何靜手腳麻利地收拾著碗筷,臉上始終帶著滿足的微笑,堅決不讓任何晚輩插手。
今晚,她心頭的重擔仿佛被卸下了大半,看著女兒和兩個侄女如同眾星拱月般圍繞在兒子身邊!
聽著客廳里傳來的歡聲笑語,她覺得渾身都充滿了使不完的勁兒,這份溫馨是她期盼了十八年的甘霖。
曾龍放松地靠在沙發上,兩瓶高度白酒的后勁讓他身體有些綿軟,但精神卻處于一種罕見的、徹底松弛的狀態。
屋內彌漫的家庭氣息,三位妹妹天真爛漫的笑語,以及鐵柱身世有望的好消息,像溫暖的潮水沖刷著他常年緊繃的神經。
他今晚,切切實實地放下了所有防備和枷鎖,饒有興致地聽著小雨、曾媛和曾可嘰嘰喳喳地講述曾家那些或有趣、或溫馨的瑣事。

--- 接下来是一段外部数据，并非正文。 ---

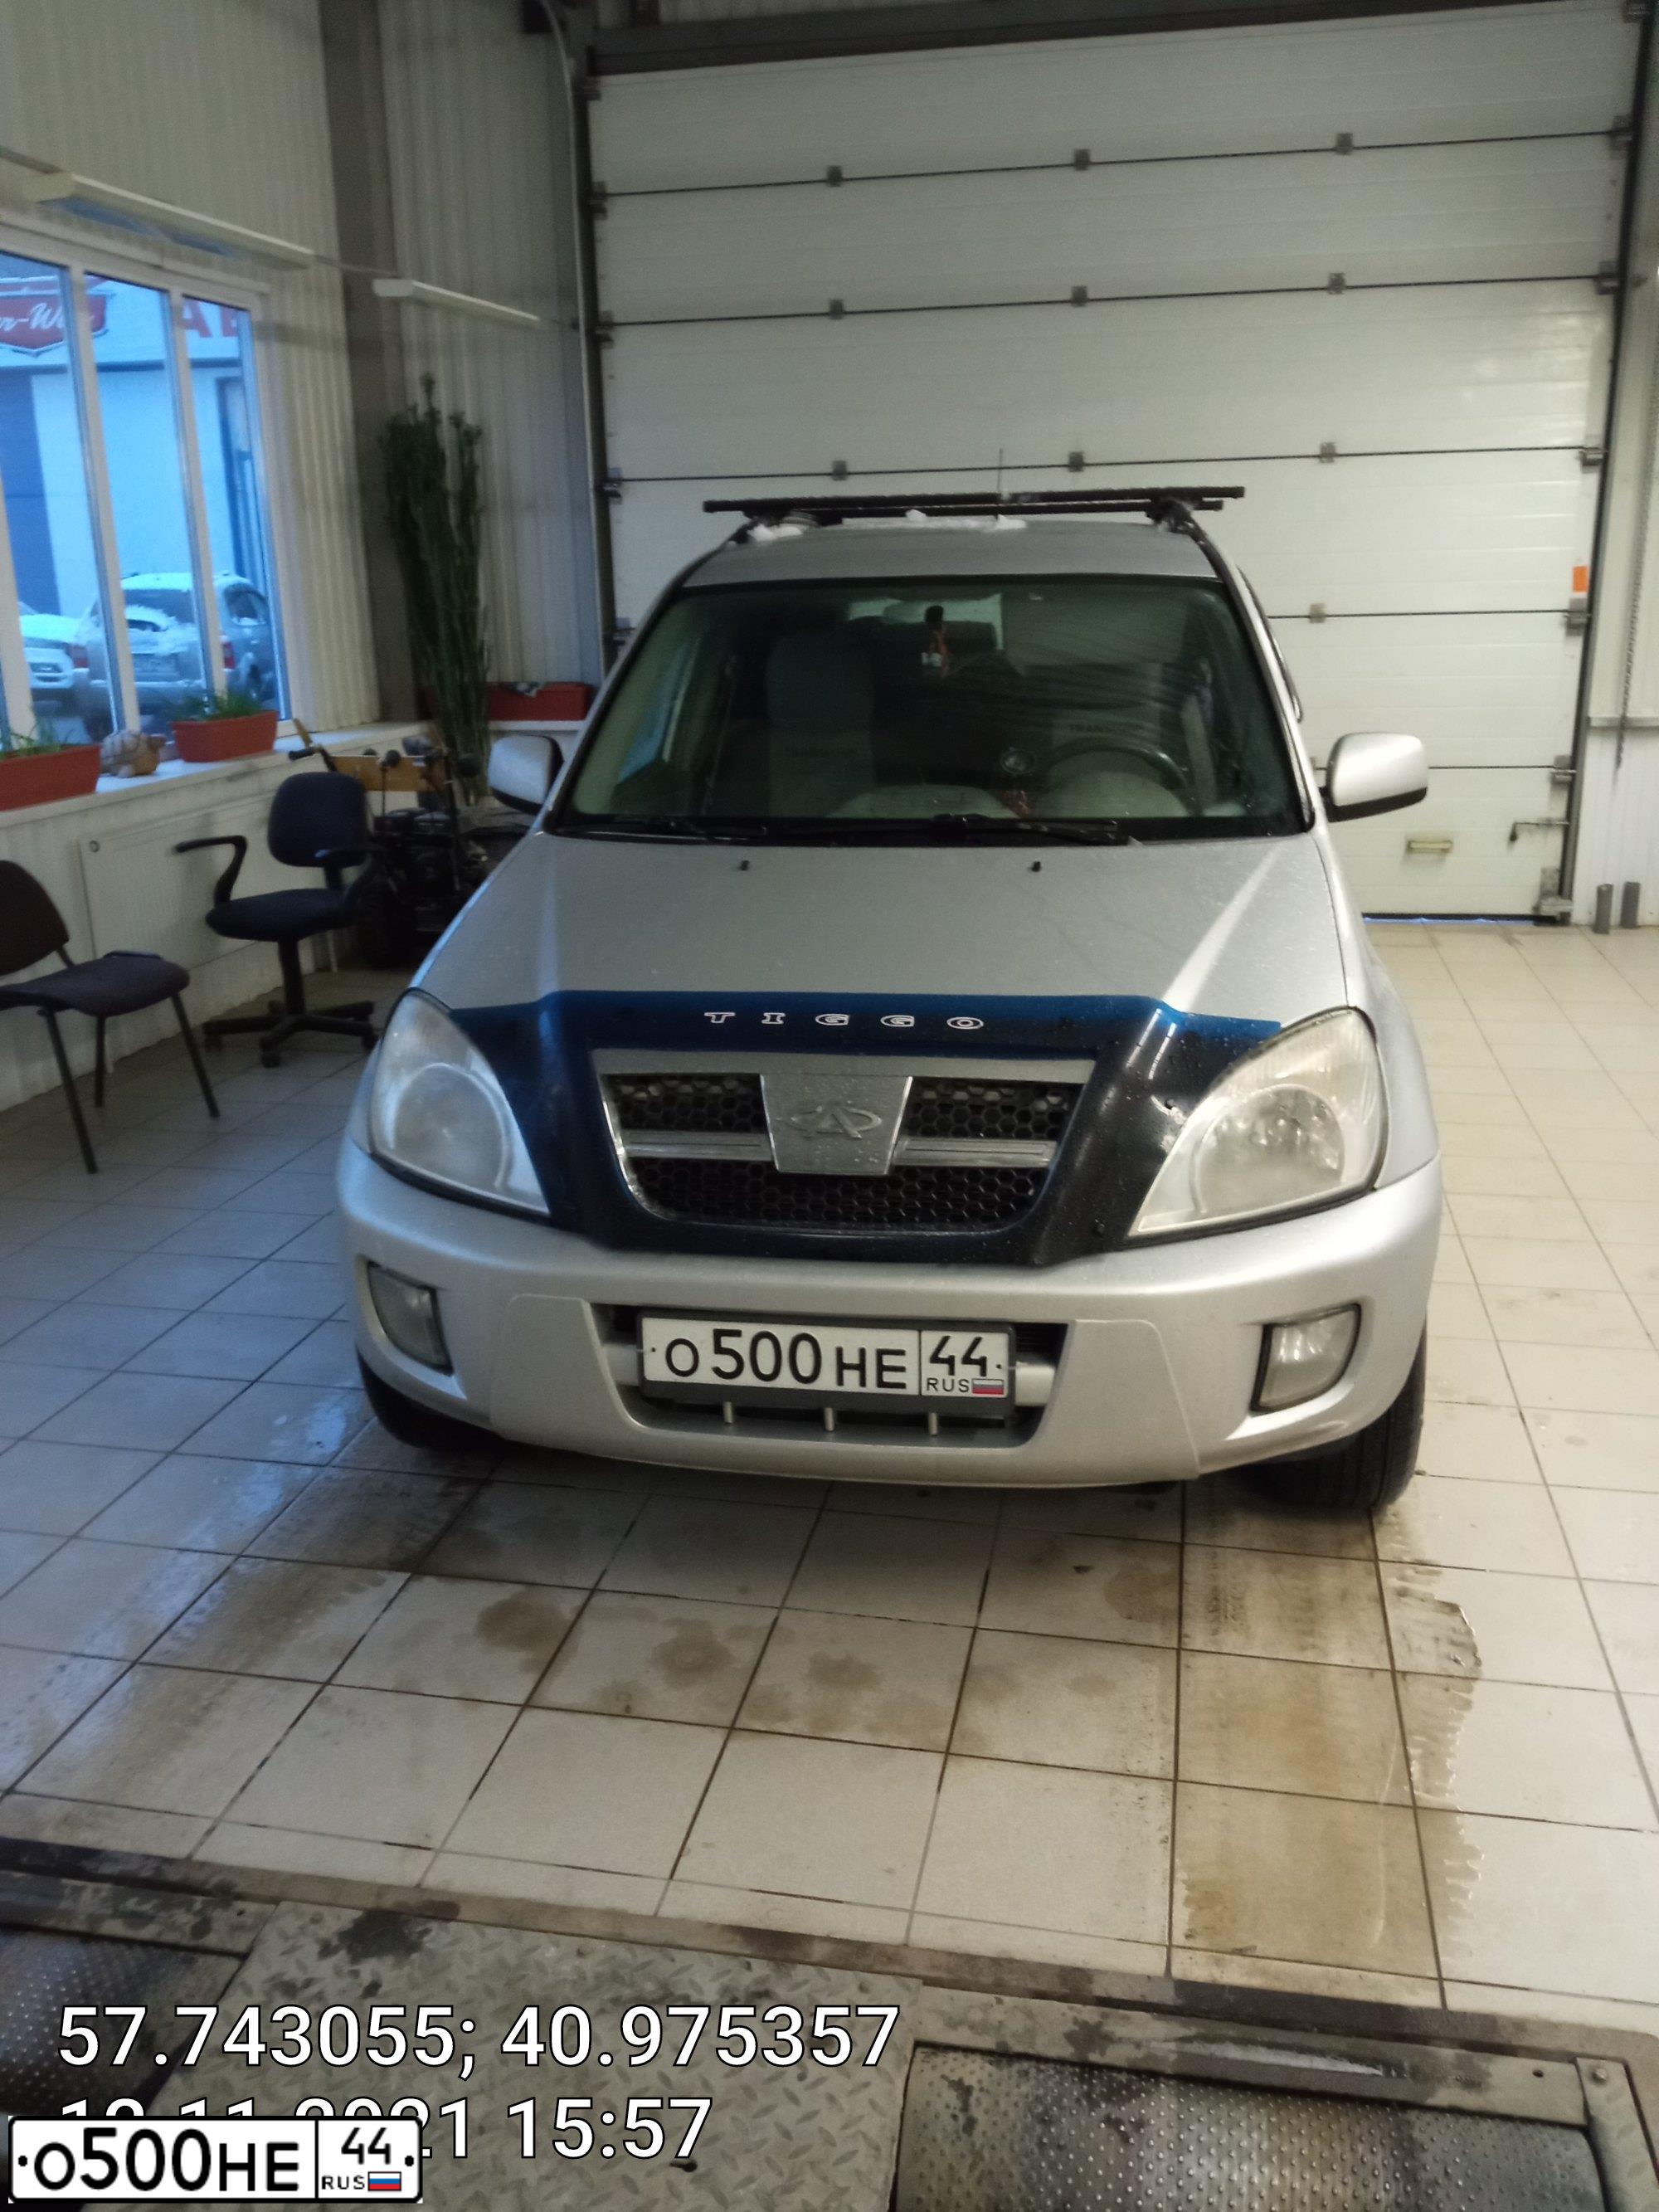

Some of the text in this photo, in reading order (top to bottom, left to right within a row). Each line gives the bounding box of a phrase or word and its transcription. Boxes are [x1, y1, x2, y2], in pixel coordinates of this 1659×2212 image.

[704, 1011, 984, 1030] TIGGO
[929, 1335, 988, 1376] 44
[927, 1377, 970, 1393] RUS

鐵柱和葉楓也被這輕松愉悅的氛圍深深感染,加入了聊天的行列。
尤其是鐵柱,憨厚的臉上泛著紅光,興奮地提議:
“老大,楓哥,俺覺得剛才還沒喝盡興!要不……咱們再整點兒?”
誰知,他這話一出,立刻得到了小雨、曾媛、曾可三姐妹的積極響應!
“好啊好啊!我們也想喝!”小雨眼睛亮晶晶的。
“就是!光看你們喝多沒意思!”曾媛也跟著起哄。
“帶我們一個嘛!”曾可抱著曾龍的胳膊搖晃著撒嬌。
曾家規矩嚴,女孩子未成年是嚴禁沾酒的。
但今晚,氣氛到了,加上有曾龍這個哥哥在,兩個小丫頭膽子也大了起來!
心里盤算著,就算真喝多了,爺爺和爸媽知道了,恐怕也只會為這難得的兄妹和睦場景感到開心,絕不會責怪。
曾龍看著三個妹妹期待的眼神,想了想,寵溺地笑了笑:
“行吧,不過高度酒就算了。你們還小,又是女孩子。要不這樣……咱們今晚改喝啤酒,再弄點燒烤怎么樣?就當家庭派對了。”
“好啊!太好了!”
“龍哥哥萬歲!”
曾媛和曾可立刻歡呼雀躍起來,興奮得小臉通紅。
鐵柱和葉楓一聽這提議,也覺得非常棒,兩人二話不說,立刻起身,像領了軍令狀一樣,興沖沖地跑出去采購啤酒和燒烤食材了。
然而,這兩人剛出去沒多久,別墅大門再次被推開,帶著一身夜晚涼意和些許疲憊,但更多是興奮的林小雅和安娜回來了。
有林小雅在的地方,就永遠不用擔心冷場。
尤其是在曾龍默許她“盡情發揮”的時候,那場面,絕對是熱量翻倍,雞飛狗跳……不,是歡聲笑語鼎沸!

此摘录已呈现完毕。